Records from a data collection
▽

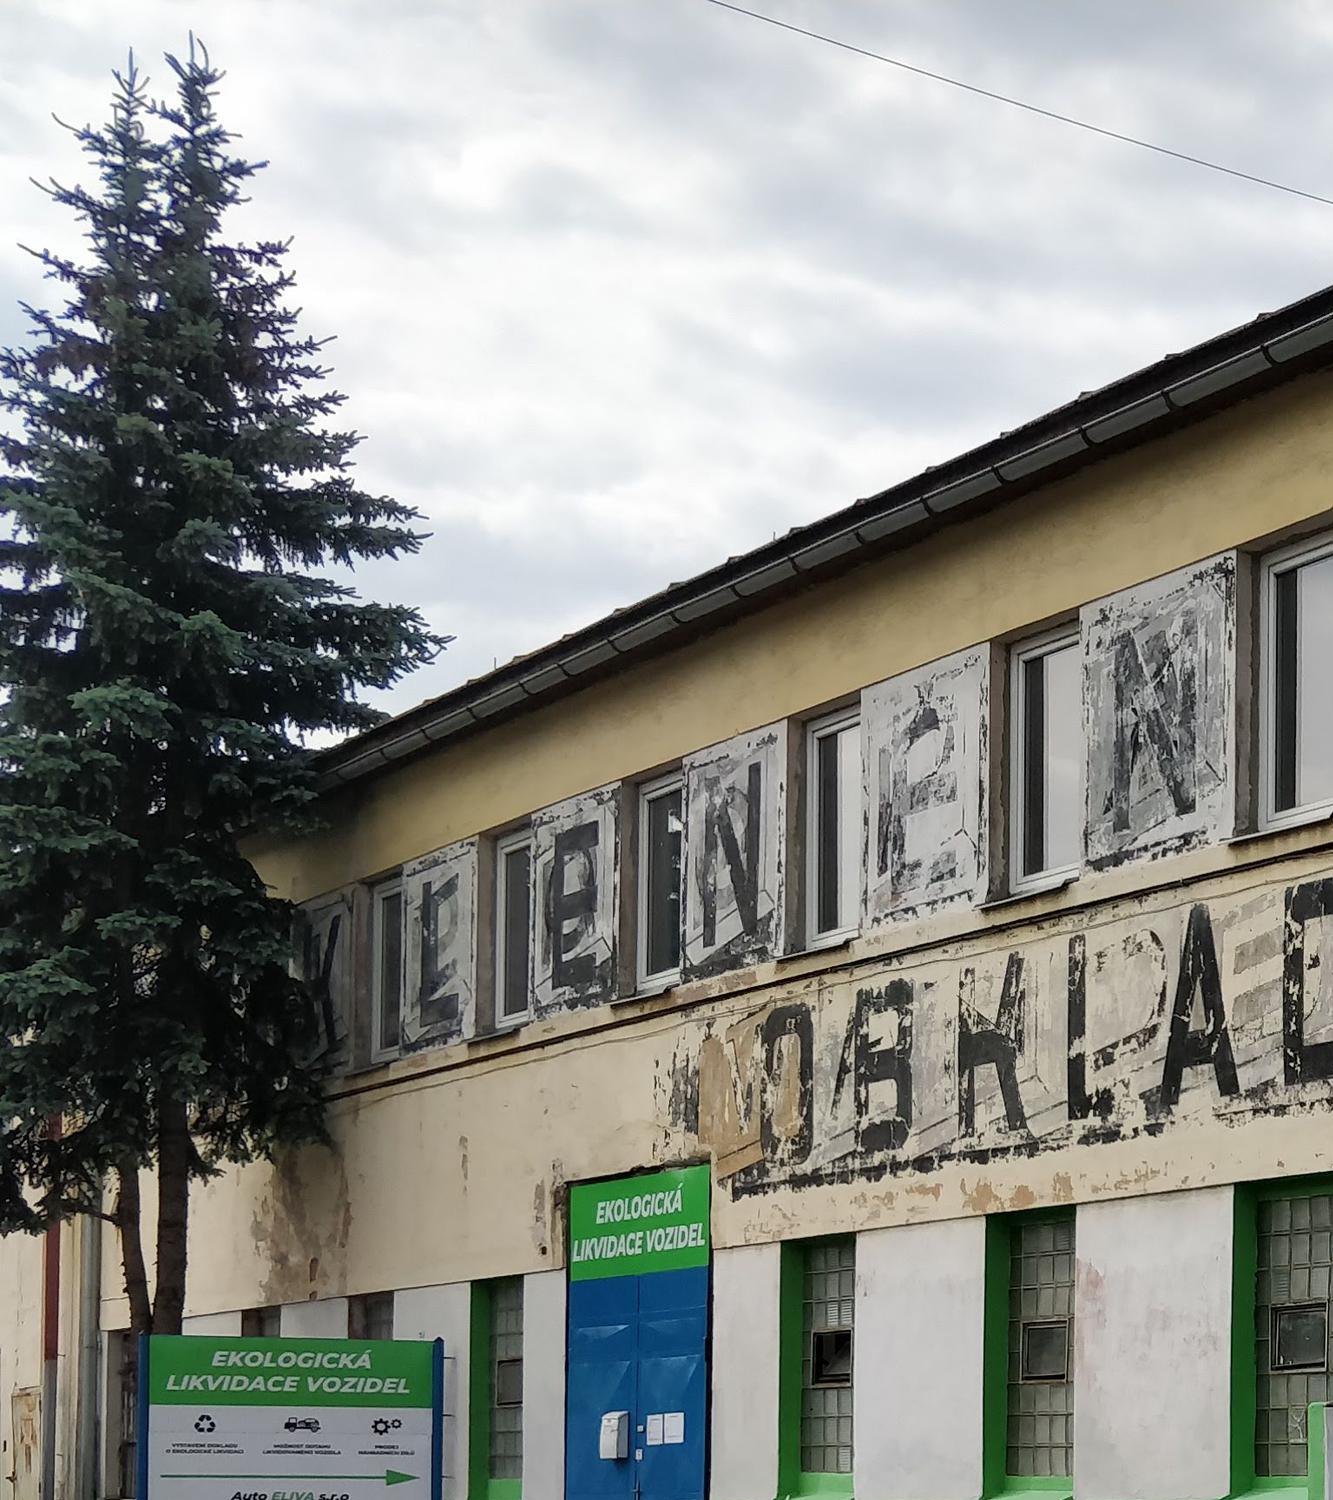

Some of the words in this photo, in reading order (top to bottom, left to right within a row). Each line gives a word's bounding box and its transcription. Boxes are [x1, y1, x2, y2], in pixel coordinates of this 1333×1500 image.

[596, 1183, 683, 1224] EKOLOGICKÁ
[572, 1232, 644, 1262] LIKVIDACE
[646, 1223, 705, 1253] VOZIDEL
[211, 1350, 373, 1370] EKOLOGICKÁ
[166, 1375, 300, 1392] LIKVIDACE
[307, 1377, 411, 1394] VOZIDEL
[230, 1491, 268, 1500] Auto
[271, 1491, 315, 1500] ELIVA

△

Repeat each record exactly, with the pictures left out.

— Answer section —
Some of the words in this photo, in reading order (top to bottom, left to right within a row). Each line gives a word's bounding box and its transcription. Boxes are [x1, y1, x2, y2], in pixel coordinates of this 1333×1500 image.

[596, 1183, 683, 1224] EKOLOGICKÁ
[572, 1232, 644, 1262] LIKVIDACE
[646, 1223, 705, 1253] VOZIDEL
[211, 1350, 373, 1370] EKOLOGICKÁ
[166, 1375, 300, 1392] LIKVIDACE
[307, 1377, 411, 1394] VOZIDEL
[230, 1491, 268, 1500] Auto
[271, 1491, 315, 1500] ELIVA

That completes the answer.